StaatsZeitung, Nr. 33/2013 - Staatsanzeiger für Rheinland-Pfalz
Der Landtag - Nachrichten und Berichte, 16. September 2013

Inklusion im Bildungswesen



Zusammen mit der Besprechung der Großen Anfrage der Fraktion Bündnis 90/Die Grünen und der Antwort der Landesregierung lag zum Thema Inklusion ein Entschließungsantrag der Koalitionsfraktionen vor, der gegen die Stimmen der CDU-Fraktion angenommen wurde.

Die Antwort auf die Große Anfrage "Bildung und Inklusion" durch das Bildungsministerium und der daraus resultierende Entschließungsantrag der Koalition stimmten sie optimistisch, sagte Ruth Ratter (Bündnis 90/Die Grünen). "Rheinland-Pfalz ist bereit für die Inklusion im Bildungswesen", schloss die Abgeordnete.
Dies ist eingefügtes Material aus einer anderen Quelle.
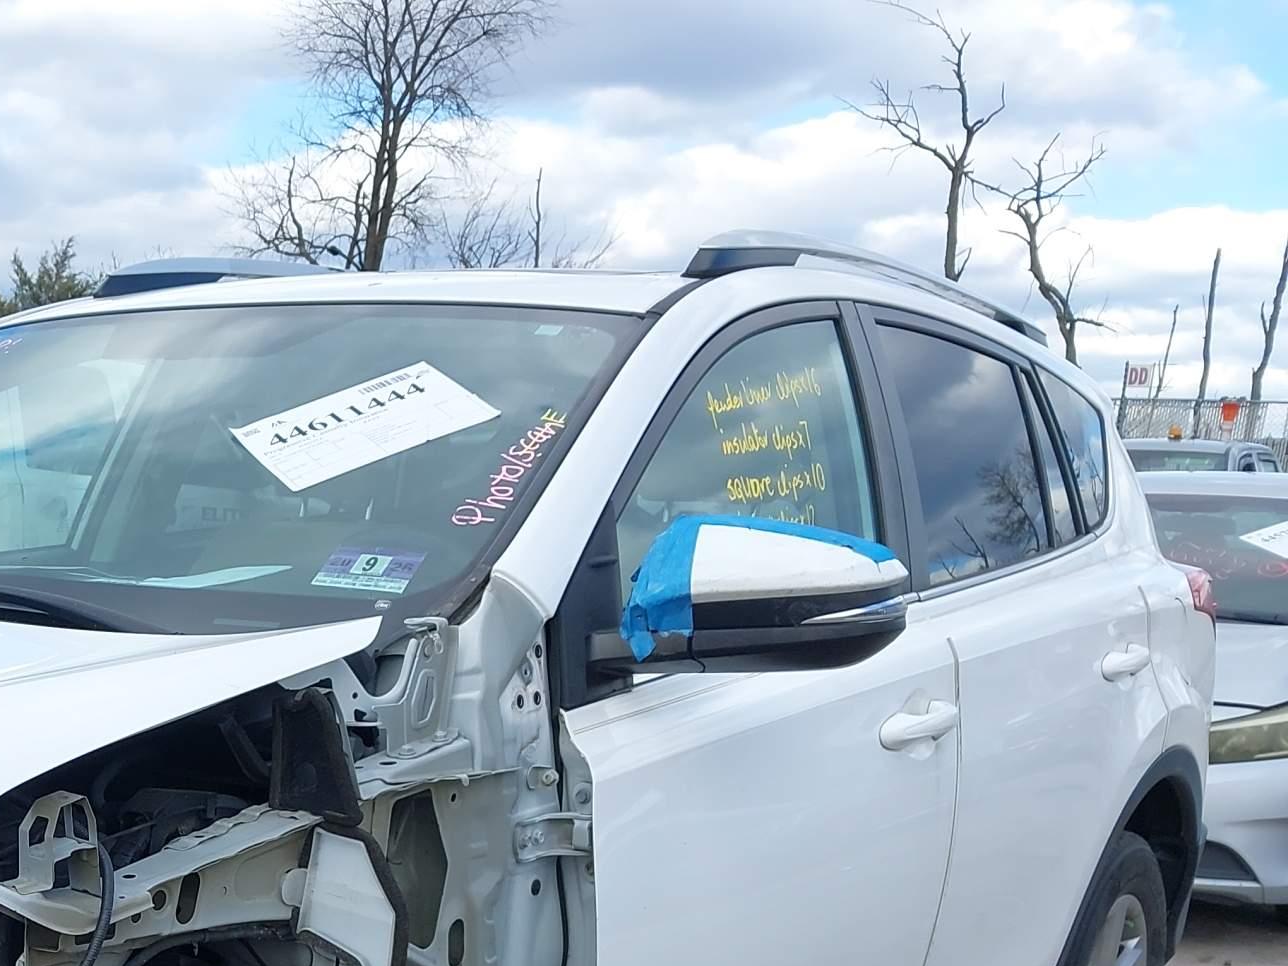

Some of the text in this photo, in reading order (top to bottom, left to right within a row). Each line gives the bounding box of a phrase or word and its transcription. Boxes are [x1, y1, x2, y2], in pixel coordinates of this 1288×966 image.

[1128, 367, 1149, 386] DD
[269, 381, 426, 446] 44611444
[726, 475, 775, 505] square
[361, 556, 379, 572] 9
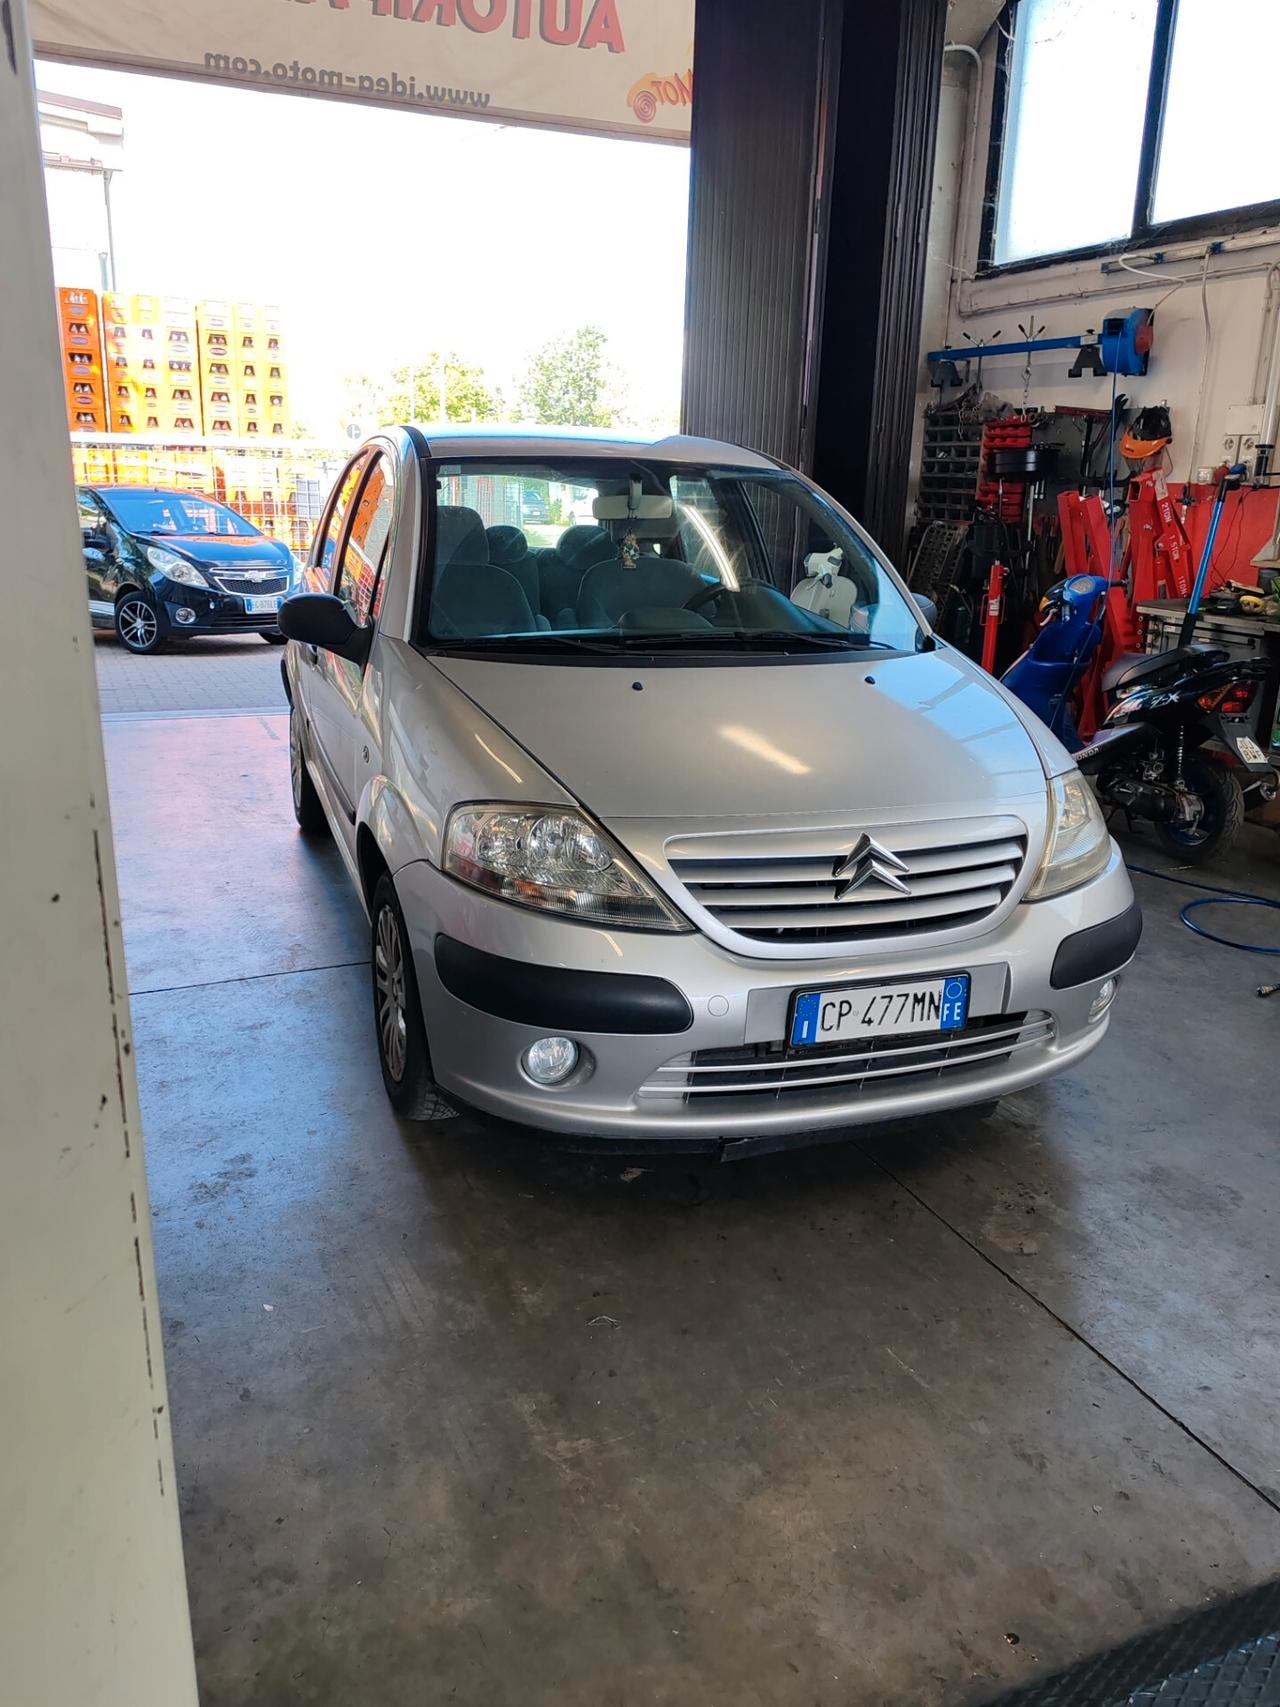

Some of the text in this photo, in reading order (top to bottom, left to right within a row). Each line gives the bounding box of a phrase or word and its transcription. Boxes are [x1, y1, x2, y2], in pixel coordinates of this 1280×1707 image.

[821, 991, 941, 1031] CP 477MN
[942, 1001, 962, 1022] FE
Der Umbau habe sogar schon vor Jahren begonnen und seit 2011 Fahrt aufgenommen. Mit Hamburg, Niedersachsen und Schleswig-Holstein habe Rheinland-Pfalz die höchste Integrationskraft aller Bundesländer im Regelschulsystem, zitierte Ratter den zweiten Chancenspiegel der Bertelsmann-Stiftung. Mit der freien Schulwahl ab dem Schuljahr 2014/2015 würden sich die Bedingungen in Rheinland-Pfalz für die Inklusion weiter verbessern. "Mit dem Aktionsplan aus dem Jahr 2010 sowie den bereits seit 2003 im Bildungswesen verorteten Schwerpunktschulen hat die Vorgängerregierung die Grundlagen für eine inklusive Bildungslandschaft gelegt, die nun Gestalt annimmt", erklärte die Abgeordnete. Ein gut vorbereiteter Übergang zwischen den Bildungseinrichtungen sei dabei "ein strategischer Kernpunkt", denn Übergänge seien "immer auch Neuanfänge, also Chancen zur Neuorientierung im Bildungssystem".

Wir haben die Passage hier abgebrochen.